What none of Samuel’s guests realized, though, was that the massacre of Jonathan and his men was the turning point in what had, until then, been a minor insurrection. The way in which the bodies of the Zealots were treated—left to become food for wild animals instead of being given a Jewish burial—caused the restrained hatred for the Romans to flare up. Within two days of the news reaching Jerusalem, men, women, and children who had previously observed the curfew were now walking in the shadows of the streets, watching the Romans and how they deported themselves. And they saw how frequently Samuel the wealthy merchant celebrated the Romans’ success, how many important governors, senior soldiers, and their wives gathered at his house, and the noises of laughter that erupted out of the windows and over the walls.
The disgust of the people grew with the joyous banter of the Romans along the streets near the temple. And Samuel’s friendship was noticed by Zealots who were not privy to Samuel’s relationship with Jonathan.
One evening, when Samuel was out dining in the home of the Roman garrison commander, a party of Zealots burst their way into Samuel’s home. At first his Nubian slave put up a valiant fight, breaking the necks of two of the attackers; but he was soon forced to retreat from the door where he was trying to block their entrance and was speared to death outside his master’s office, where Samuel’s wife, Lior, their three daughters, and their two sons were standing in fear, listening to the melee outside.
Lior now realized that she had made a terrib
le mistake by entering this room for safety, because there was only one door, and if the intruders overcame the servants, she and her children had no way out. She enfolded as many of the younger ones as she could in her arms, and all hid beneath Samuel’s table.
“Children,” she whispered, trying to keep her voice from sounding as though she were panicking, “your father will be home very soon, and he’ll tell those horrible men to go away. But until your father returns, we have to remain here. The nasty men won’t dare to enter into your father’s office. He doesn’t allow you inside, and so they will know to stay away.”
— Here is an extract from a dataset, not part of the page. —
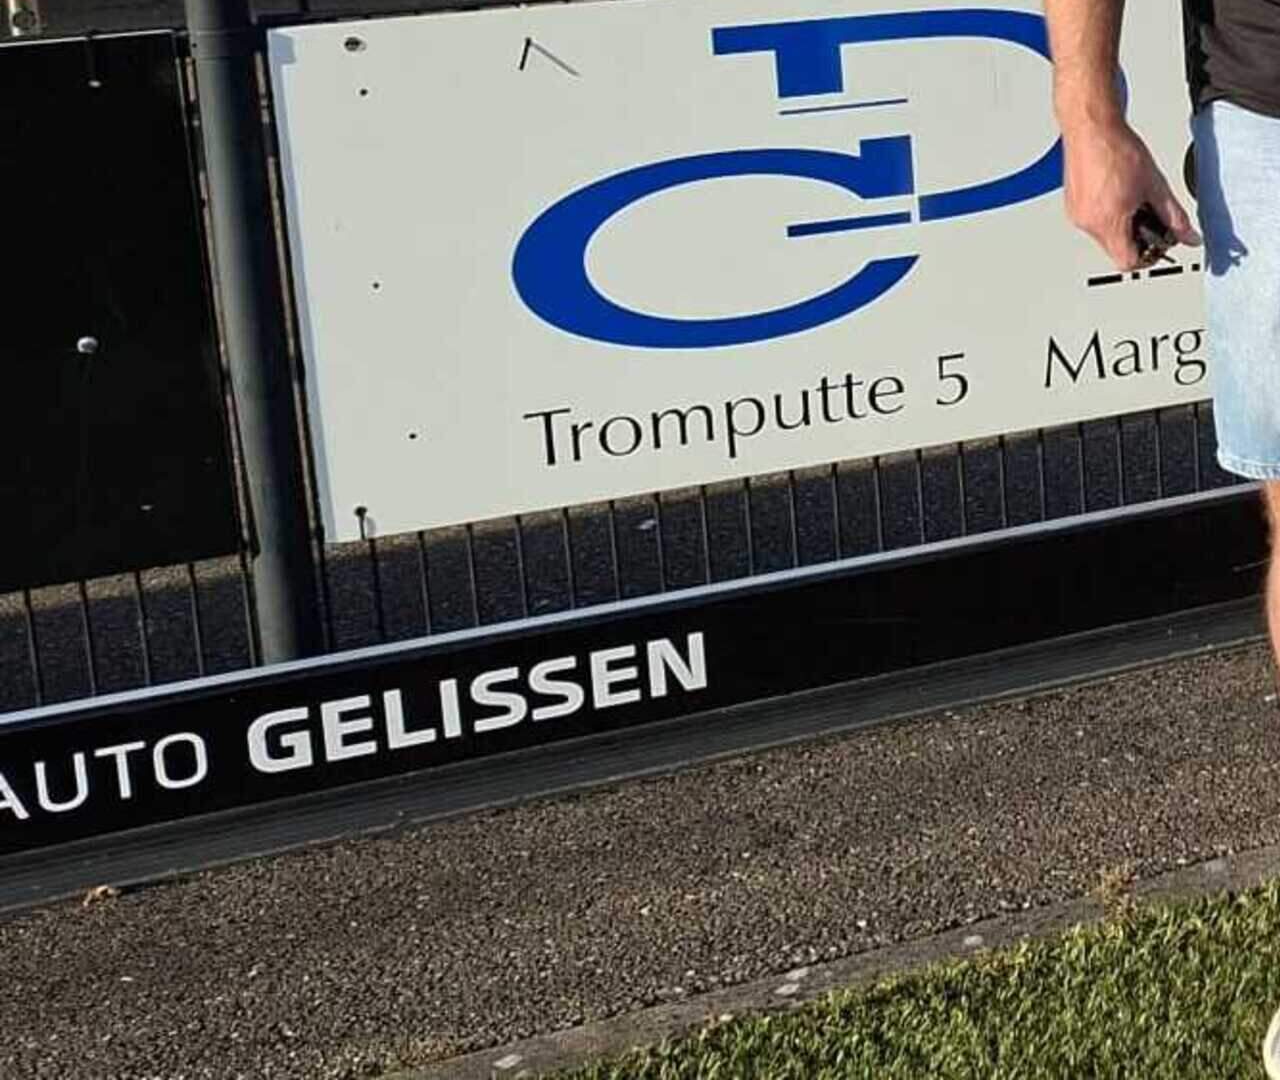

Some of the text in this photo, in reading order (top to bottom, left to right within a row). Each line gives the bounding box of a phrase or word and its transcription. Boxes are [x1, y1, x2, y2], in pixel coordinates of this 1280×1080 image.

But while she was trying to stop her two little girls from crying, the noise of shouting and cursing from the vestibule suddenly stopped. Her heart thumping as though it would burst out of her chest, Lior listened and prayed to God Almighty that the men had been sent away. But when she heard footsteps approaching the office’s door, she knew that her worst fears were about to be realized. The door burst open and four men suddenly entered the room.
“There they are,” said one of the men, pointing underneath Samuel’s table. “Out, Roman whore. You and your bastards.”